▸ **Required action**
The expected output is an exact copy of the lines from the one containing "this 2352×1568 image." to the final line below, minus any pictures.

________

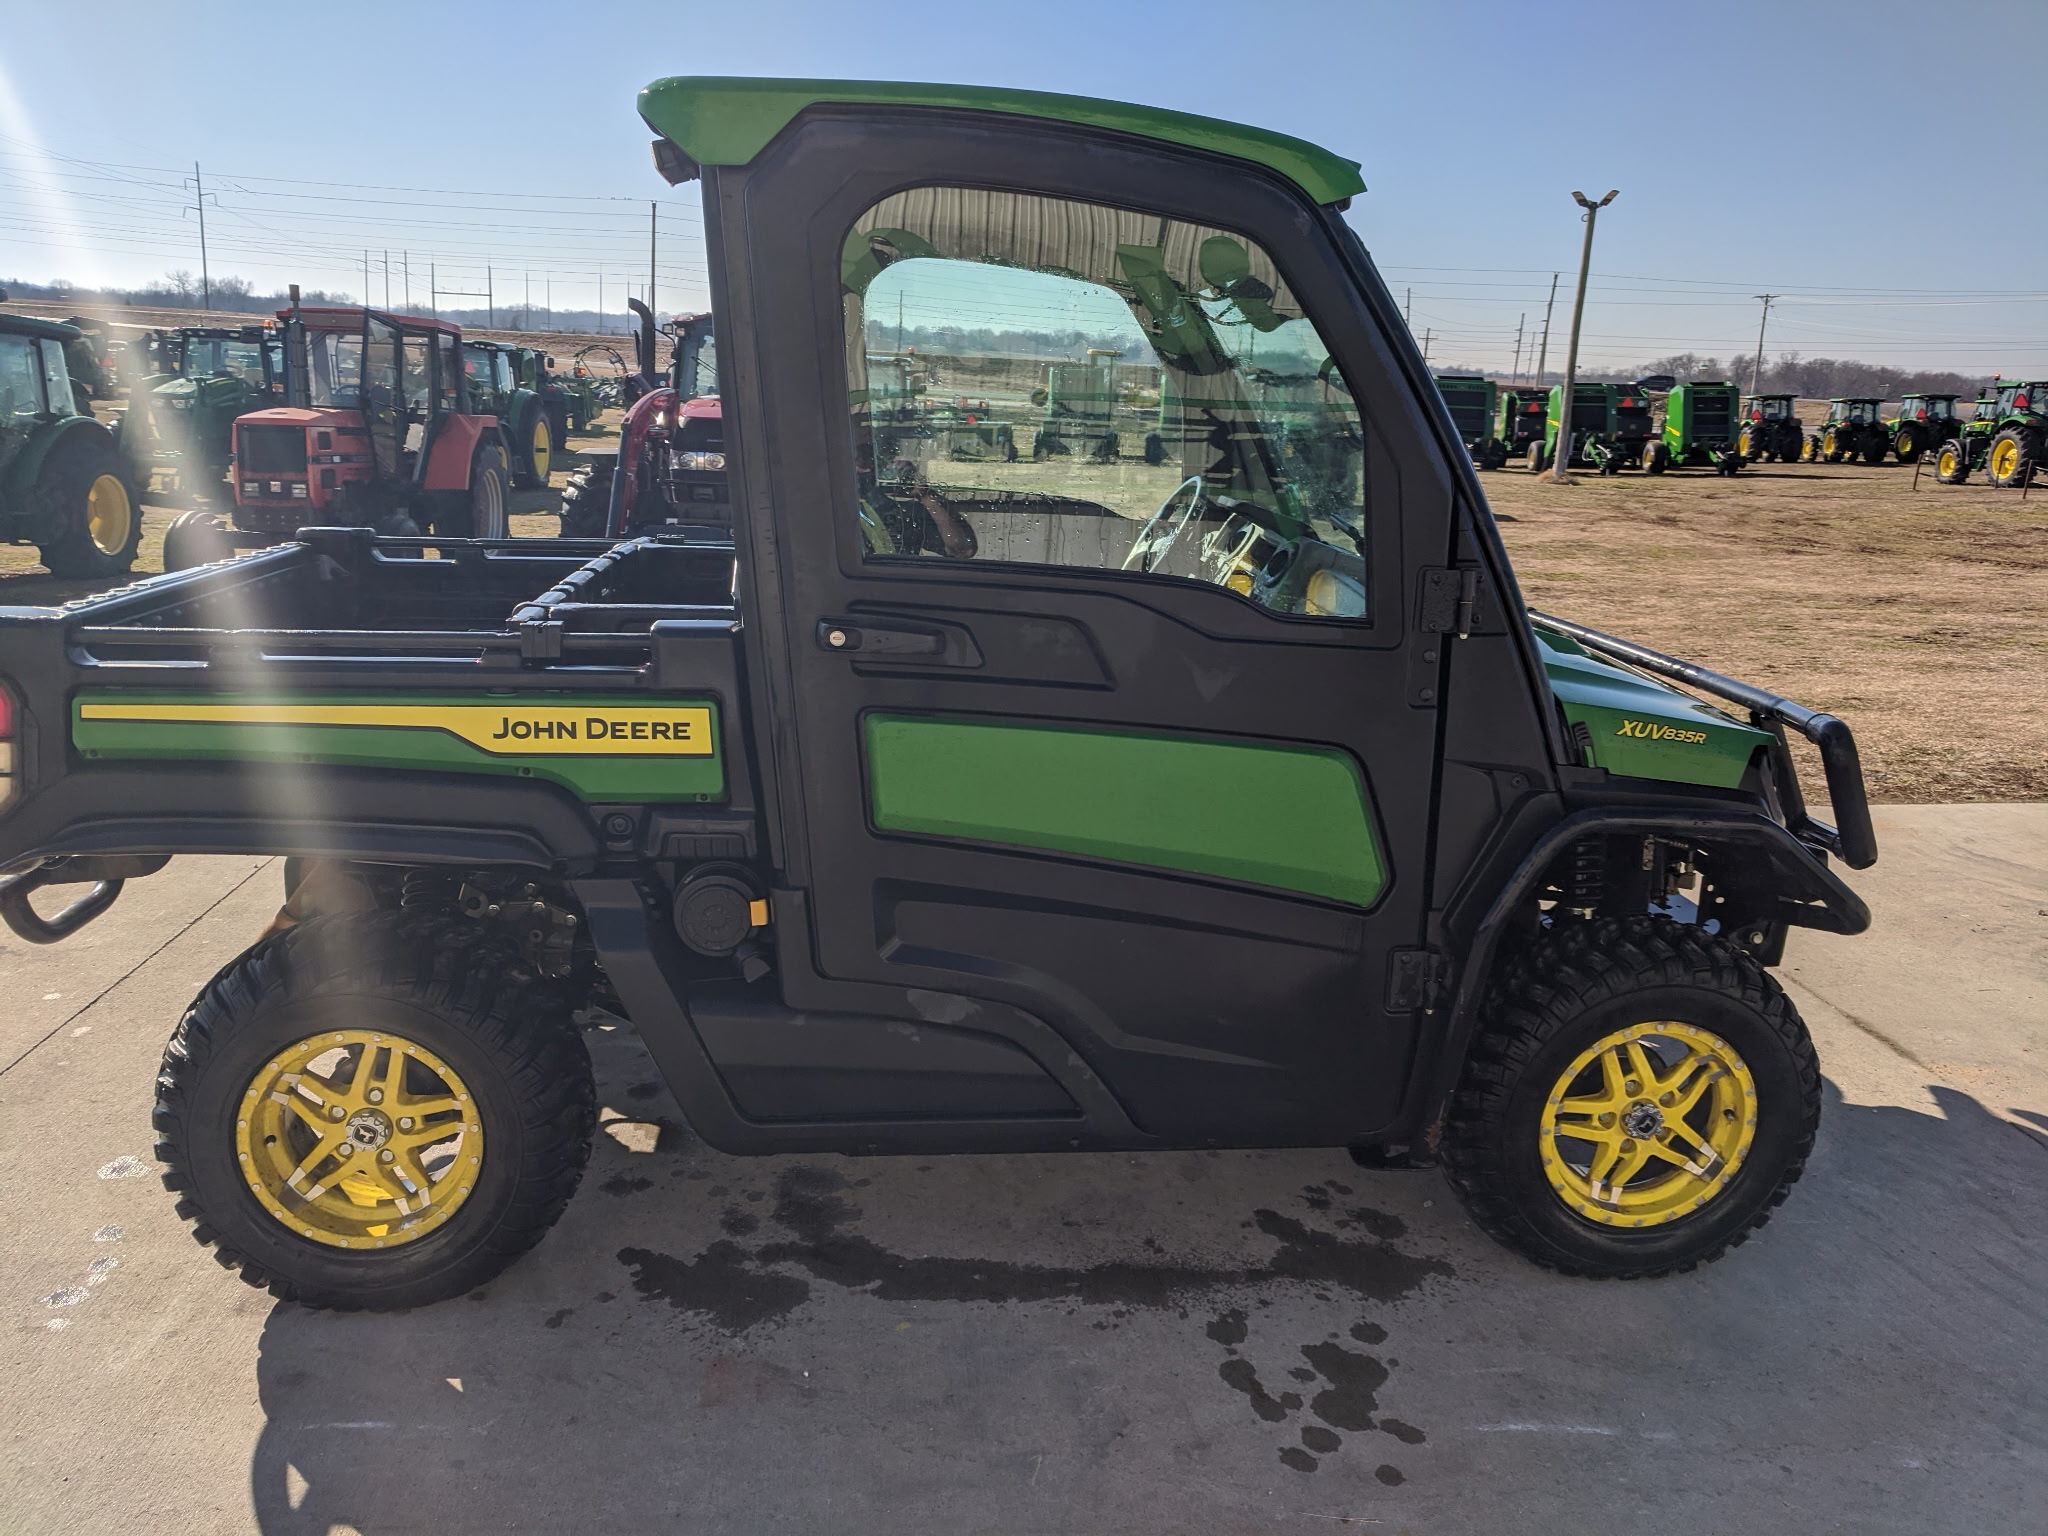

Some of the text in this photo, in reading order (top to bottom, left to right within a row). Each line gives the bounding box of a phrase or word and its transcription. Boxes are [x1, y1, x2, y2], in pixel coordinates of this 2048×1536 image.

[492, 717, 692, 741] JOHN DEERE
[1615, 719, 1707, 745] XUV835R
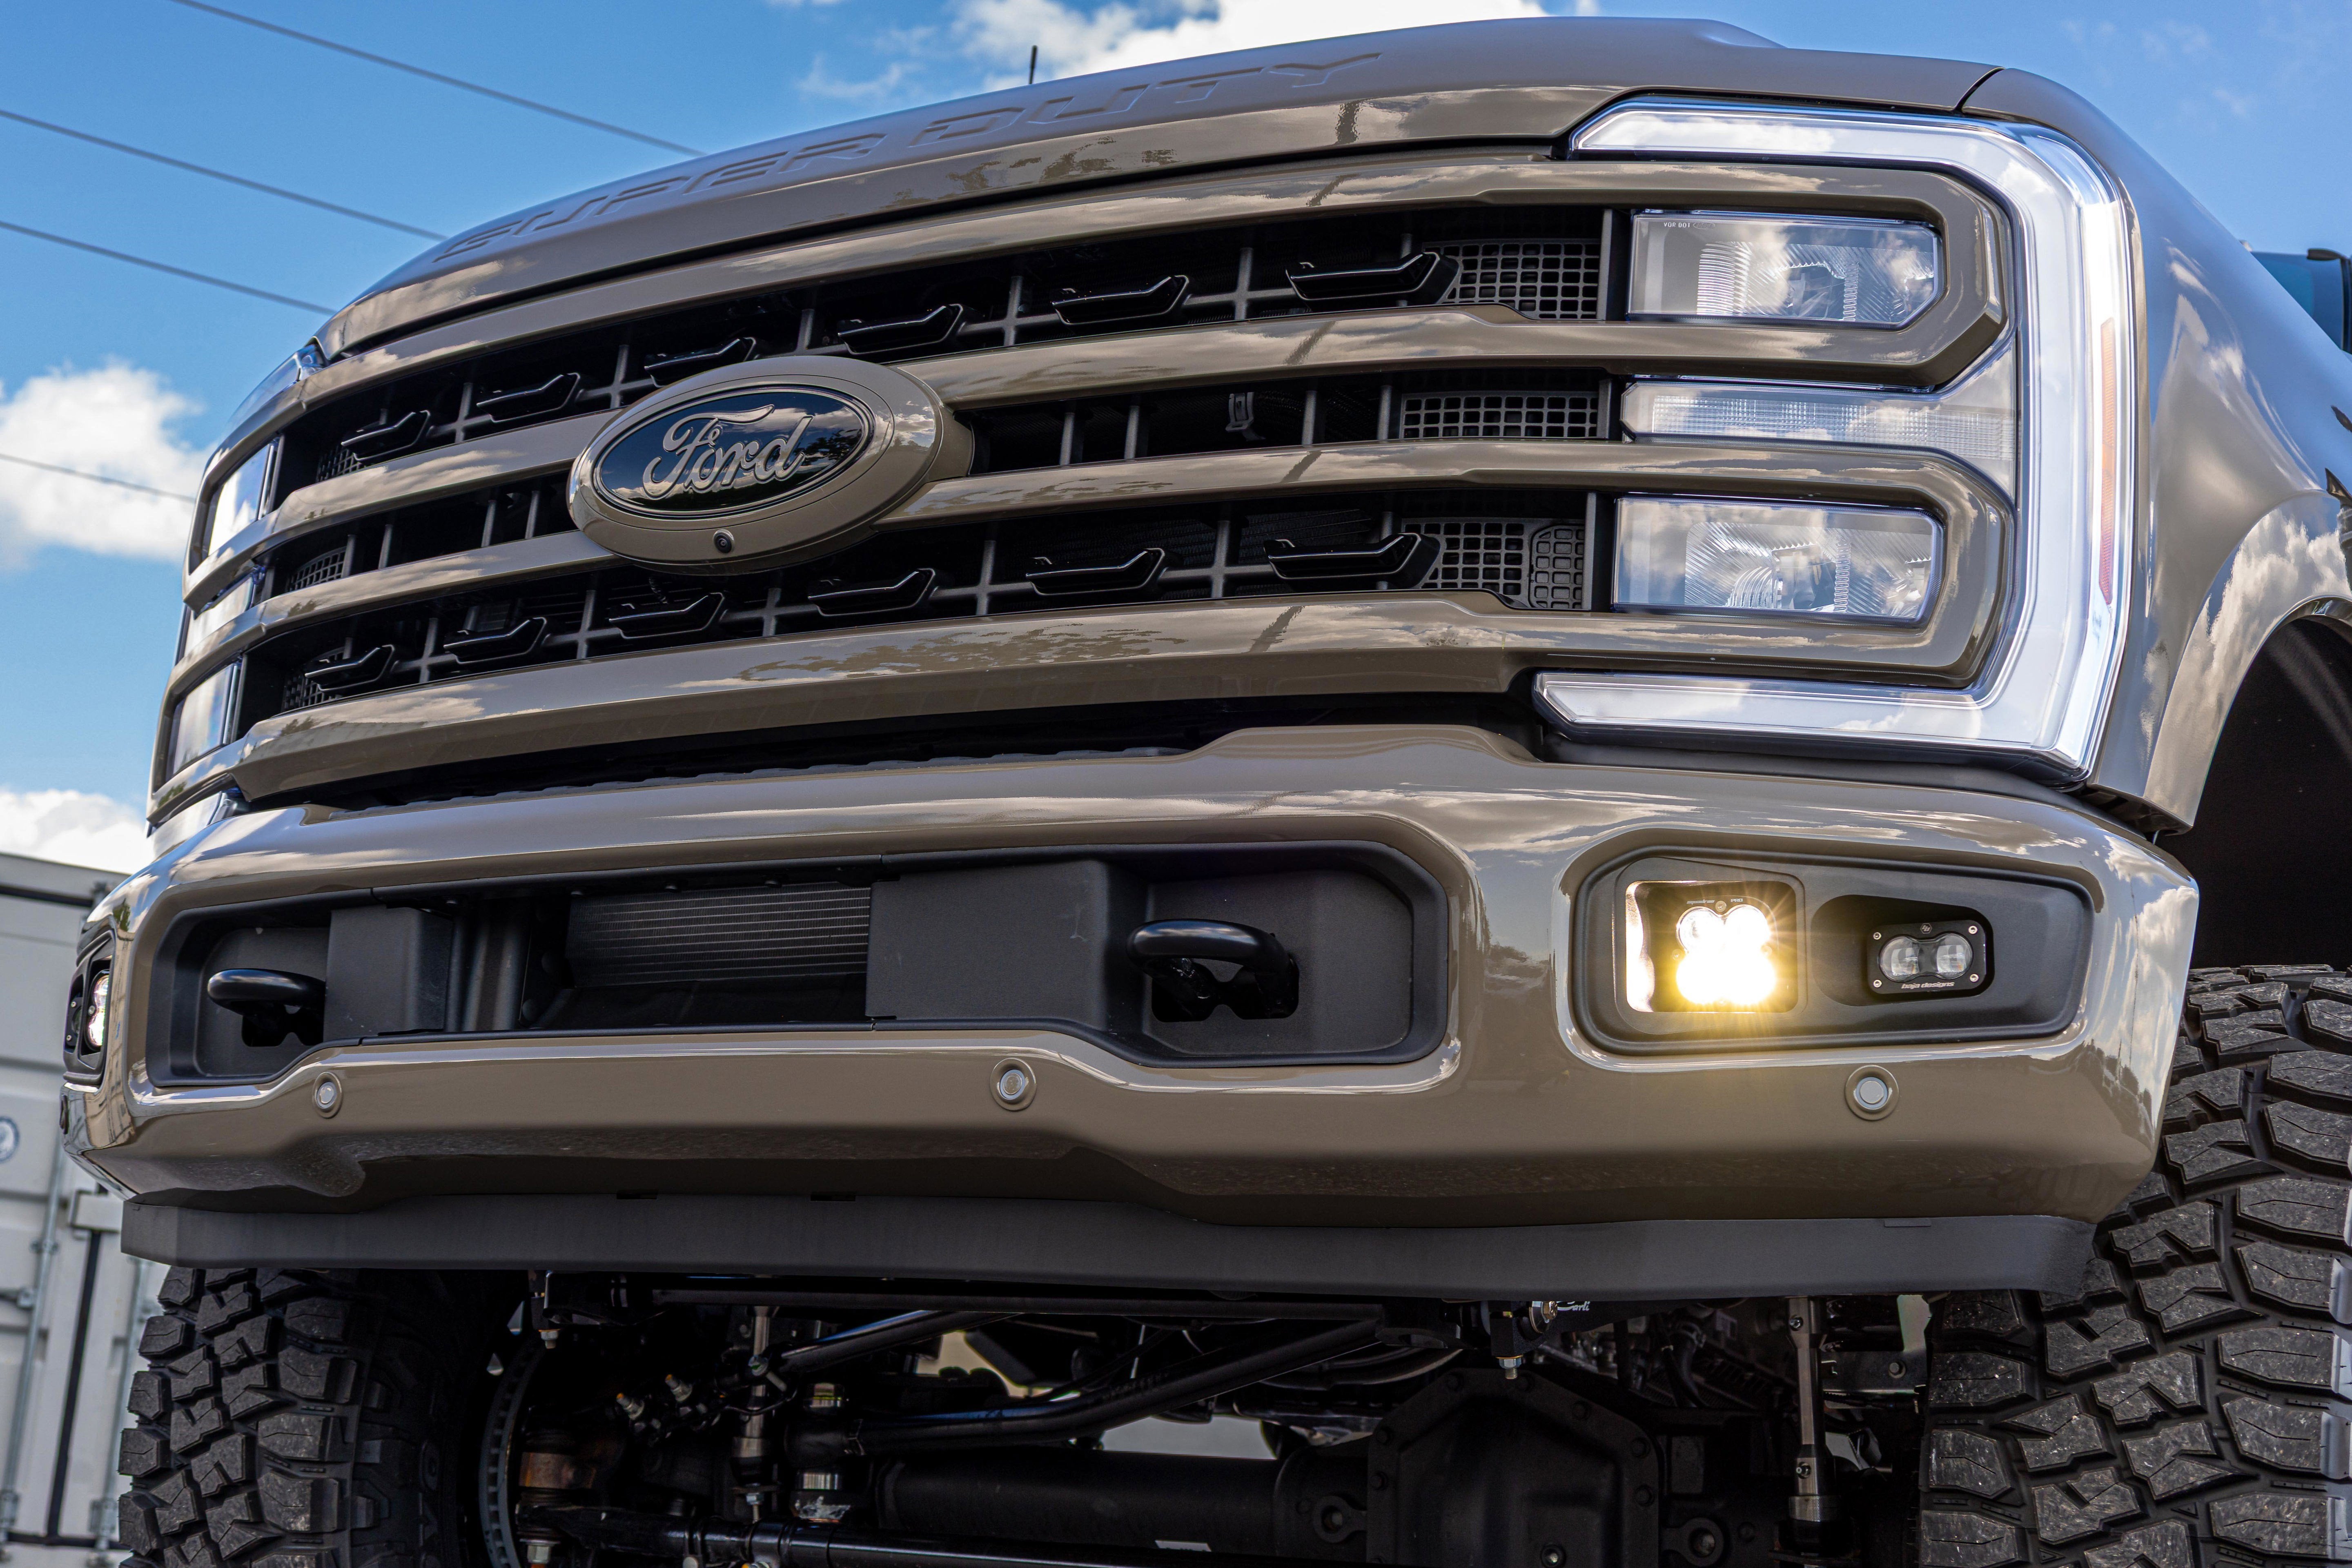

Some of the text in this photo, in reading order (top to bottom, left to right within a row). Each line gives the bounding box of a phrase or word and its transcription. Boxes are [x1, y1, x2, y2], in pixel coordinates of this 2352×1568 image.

[432, 52, 1383, 263] SUPER DUTY
[642, 404, 814, 498] Ford
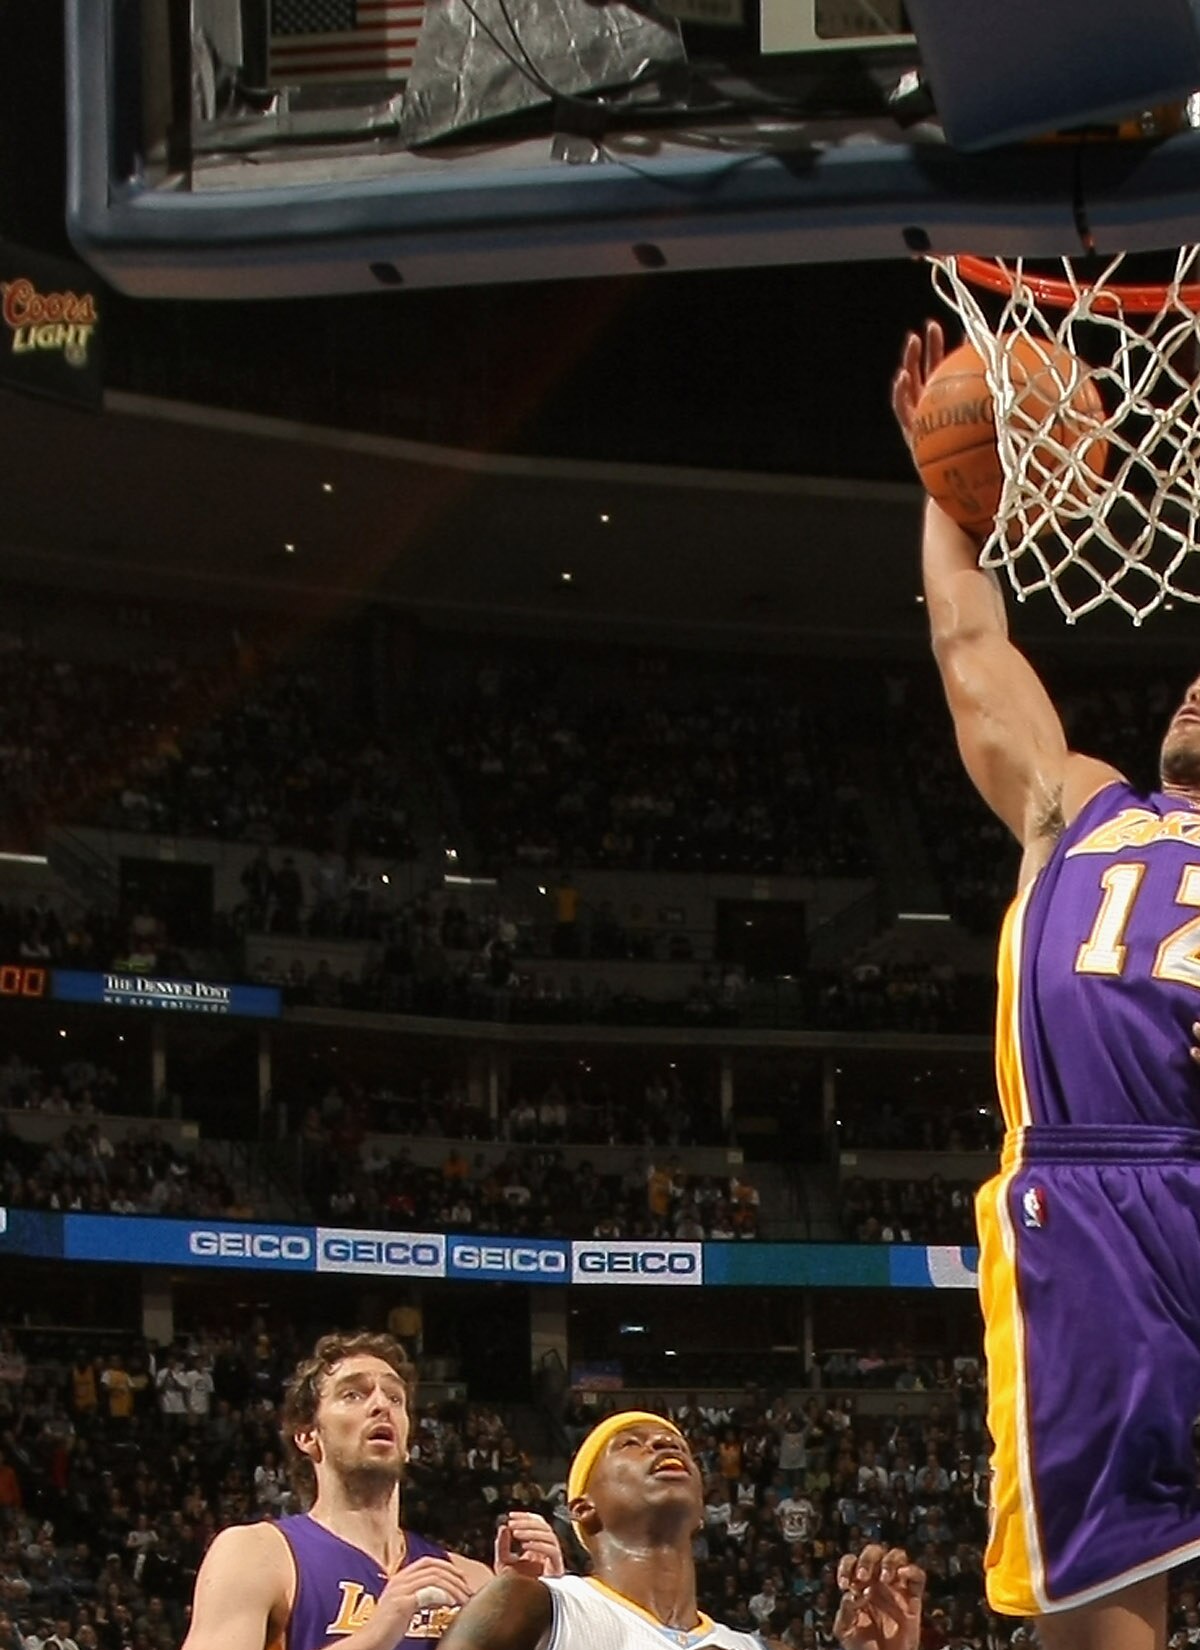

________

▸ **Answer below**
Some of the text in this photo, in reading order (top to bottom, left to right within a row). Each line gives the bounding box of a phrase or word and its transcription. Boxes are [x1, y1, x2, y2], in pixel coordinates of this 2352×1568 image.

[432, 52, 1383, 263] SUPER DUTY
[642, 404, 814, 498] Ford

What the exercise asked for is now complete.